Final enhancement: Increase encoding detection read size to 50KB

- Increased read size from 20KB to 50KB in both main.py and import_legacy.py - This ensures problematic bytes at position 3738+ are caught during encoding detection - Provides maximum robustness for legacy CSV files with deeply embedded encoding issues - Maintains all previous improvements including fallback mechanisms
2025-10-13 21:44:17 -05:00
parent 05b9d38c61
commit 9b2ce0d28f
2 changed files with 6 additions and 6 deletions
--- a/app/import_legacy.py
+++ b/app/import_legacy.py
@@ -44,7 +44,7 @@ def open_text_with_fallbacks(file_path: str):
            f = open(file_path, 'r', encoding=enc, errors='strict', newline='')

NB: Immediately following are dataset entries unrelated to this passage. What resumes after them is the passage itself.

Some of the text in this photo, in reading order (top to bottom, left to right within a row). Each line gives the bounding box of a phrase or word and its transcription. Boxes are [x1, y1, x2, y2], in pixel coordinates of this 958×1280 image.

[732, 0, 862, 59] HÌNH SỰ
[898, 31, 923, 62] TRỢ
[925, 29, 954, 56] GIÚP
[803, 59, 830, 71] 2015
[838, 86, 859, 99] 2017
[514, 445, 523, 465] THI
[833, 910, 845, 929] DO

            # Read more than 1KB to catch encoding issues deeper in the file
            # Many legacy CSVs have issues beyond the first few rows
-            _ = f.read(20480)  # Read 20KB to test (increased from 10KB)
+            _ = f.read(51200)  # Read 50KB to test (increased from 20KB)
            f.seek(0)
            logger.info("csv_open_encoding_selected", file=file_path, encoding=enc)
            return f, enc
@@ -62,7 +62,7 @@ def open_text_with_fallbacks(file_path: str):
    try:
        # Try UTF-8 with error replacement first (most common case)

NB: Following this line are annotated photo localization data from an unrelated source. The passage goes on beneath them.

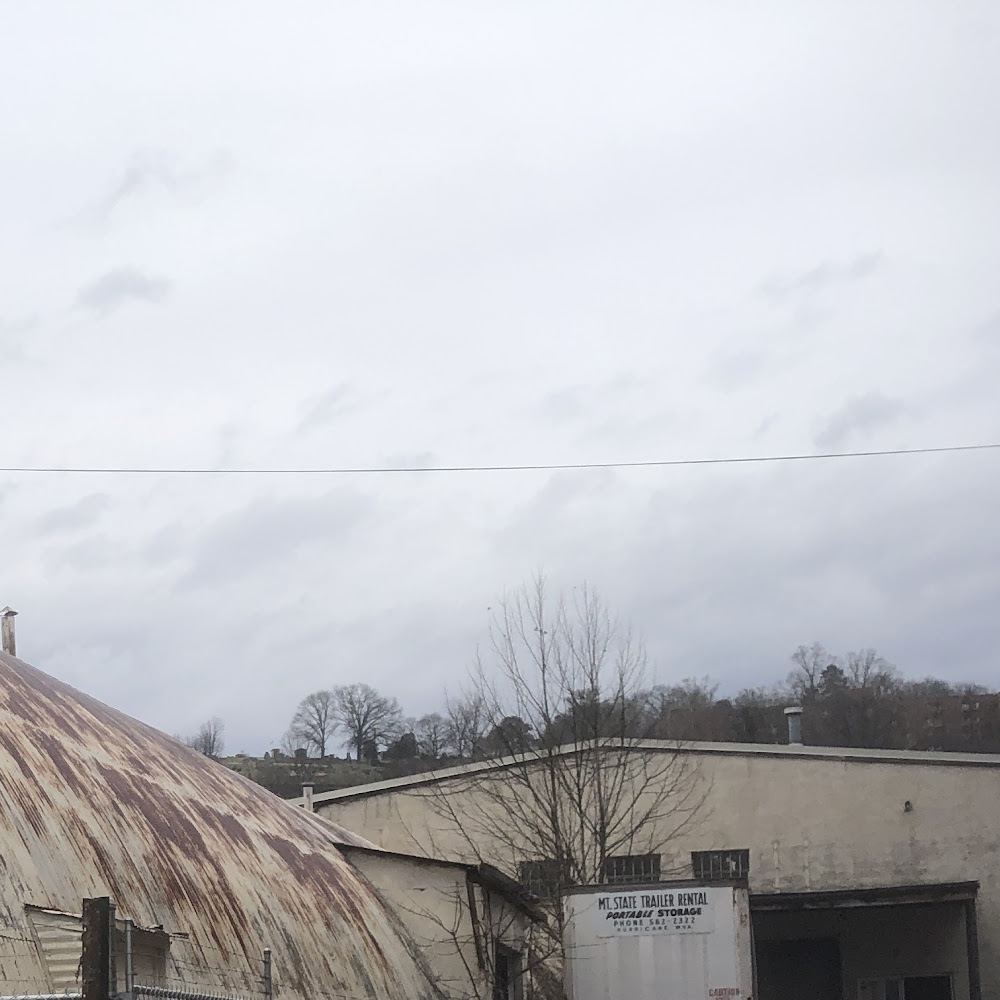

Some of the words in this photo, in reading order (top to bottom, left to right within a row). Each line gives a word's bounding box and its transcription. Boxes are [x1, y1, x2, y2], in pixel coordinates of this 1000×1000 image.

[641, 893, 674, 908] TRAILER
[678, 892, 708, 906] RENTAL
[606, 910, 654, 920] PORTABLE
[657, 907, 702, 917] STORAGE
[613, 919, 644, 927] PHONE
[708, 988, 740, 997] CAUTION

        f = open(file_path, 'r', encoding='utf-8', errors='replace', newline='')
-        _ = f.read(20480)  # Read 20KB to catch encoding issues deeper in the file (increased from 10KB)
+        _ = f.read(51200)  # Read 50KB to catch encoding issues deeper in the file (increased from 20KB)
        f.seek(0)
        logger.info("csv_open_encoding_with_replace", file=file_path, encoding="utf-8-replace")

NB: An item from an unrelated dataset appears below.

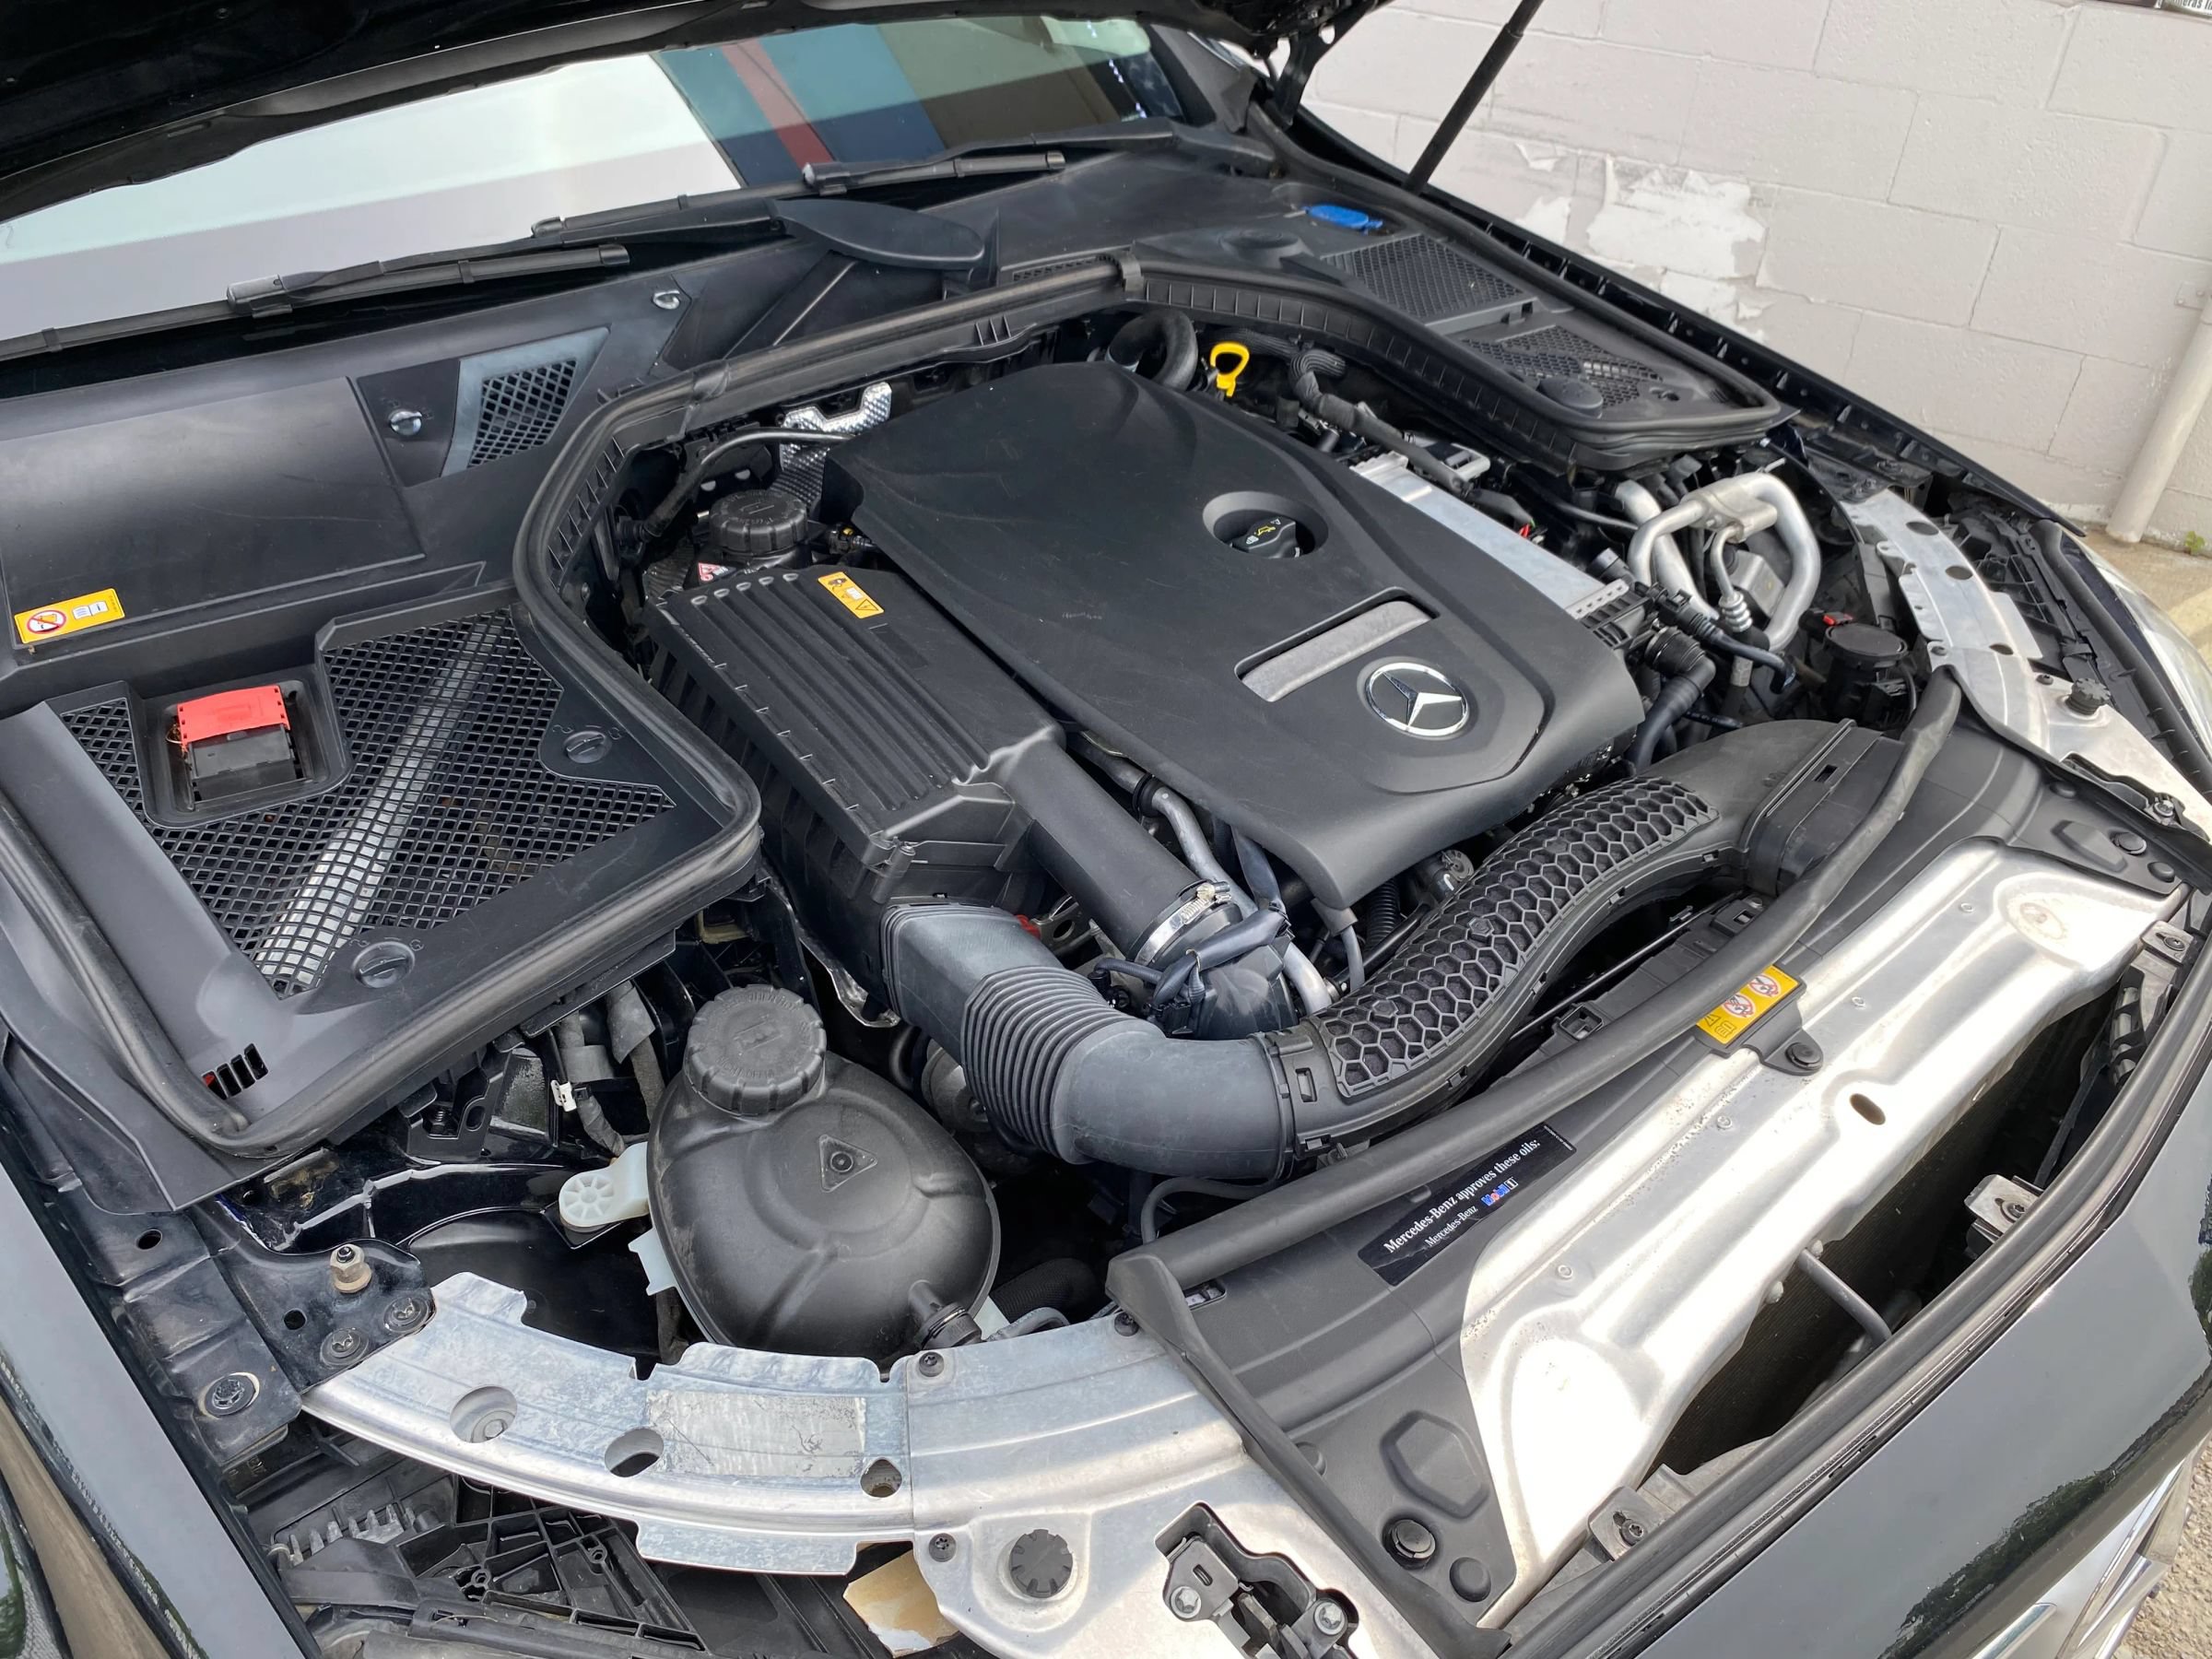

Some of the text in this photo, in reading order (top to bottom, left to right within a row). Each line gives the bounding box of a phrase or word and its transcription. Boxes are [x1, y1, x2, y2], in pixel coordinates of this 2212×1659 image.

[1382, 1138, 1541, 1253] Mercedes-Benz approves these oils:
[1424, 1205, 1478, 1248] Mercedes-Benz
[1480, 1183, 1511, 1206] Mobil

        return f, "utf-8-replace"
@@ -72,7 +72,7 @@ def open_text_with_fallbacks(file_path: str):
    # Final fallback: use latin-1 with replace (handles any byte sequence)
    try:
        f = open(file_path, 'r', encoding='latin-1', errors='replace', newline='')
-        _ = f.read(20480)  # Read 20KB to catch encoding issues deeper in the file (increased from 10KB)
+        _ = f.read(51200)  # Read 50KB to catch encoding issues deeper in the file (increased from 20KB)
        f.seek(0)
        logger.info("csv_open_encoding_fallback", file=file_path, encoding="latin-1-replace")
        return f, "latin-1-replace"
--- a/app/main.py
+++ b/app/main.py
@@ -79,7 +79,7 @@ def open_text_with_fallbacks(file_path: str):
            f = open(file_path, 'r', encoding=enc, errors='strict', newline='')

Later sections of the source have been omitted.